(The input Opens)

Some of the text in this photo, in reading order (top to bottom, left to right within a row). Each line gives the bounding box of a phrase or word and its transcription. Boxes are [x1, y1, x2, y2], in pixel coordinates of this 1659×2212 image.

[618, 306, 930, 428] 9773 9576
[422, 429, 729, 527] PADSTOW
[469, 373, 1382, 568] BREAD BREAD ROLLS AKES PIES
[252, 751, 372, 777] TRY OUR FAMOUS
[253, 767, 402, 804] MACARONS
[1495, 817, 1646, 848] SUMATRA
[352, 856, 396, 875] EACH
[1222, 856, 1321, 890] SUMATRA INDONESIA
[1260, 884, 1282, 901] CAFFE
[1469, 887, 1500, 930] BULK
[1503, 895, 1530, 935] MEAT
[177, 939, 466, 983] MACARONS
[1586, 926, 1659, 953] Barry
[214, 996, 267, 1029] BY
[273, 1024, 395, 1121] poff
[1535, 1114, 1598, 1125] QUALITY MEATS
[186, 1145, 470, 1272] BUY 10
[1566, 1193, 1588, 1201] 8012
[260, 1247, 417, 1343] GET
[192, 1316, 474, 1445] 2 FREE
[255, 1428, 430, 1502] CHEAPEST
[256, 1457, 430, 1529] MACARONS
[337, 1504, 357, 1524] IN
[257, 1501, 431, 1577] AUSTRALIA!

(The input Closes)

— About this exercise —
The records must each be output verbatim, with nothing left out.

— Expected answer —
Some of the text in this photo, in reading order (top to bottom, left to right within a row). Each line gives the bounding box of a phrase or word and its transcription. Boxes are [x1, y1, x2, y2], in pixel coordinates of this 1659×2212 image.

[618, 306, 930, 428] 9773 9576
[422, 429, 729, 527] PADSTOW
[469, 373, 1382, 568] BREAD BREAD ROLLS AKES PIES
[252, 751, 372, 777] TRY OUR FAMOUS
[253, 767, 402, 804] MACARONS
[1495, 817, 1646, 848] SUMATRA
[352, 856, 396, 875] EACH
[1222, 856, 1321, 890] SUMATRA INDONESIA
[1260, 884, 1282, 901] CAFFE
[1469, 887, 1500, 930] BULK
[1503, 895, 1530, 935] MEAT
[177, 939, 466, 983] MACARONS
[1586, 926, 1659, 953] Barry
[214, 996, 267, 1029] BY
[273, 1024, 395, 1121] poff
[1535, 1114, 1598, 1125] QUALITY MEATS
[186, 1145, 470, 1272] BUY 10
[1566, 1193, 1588, 1201] 8012
[260, 1247, 417, 1343] GET
[192, 1316, 474, 1445] 2 FREE
[255, 1428, 430, 1502] CHEAPEST
[256, 1457, 430, 1529] MACARONS
[337, 1504, 357, 1524] IN
[257, 1501, 431, 1577] AUSTRALIA!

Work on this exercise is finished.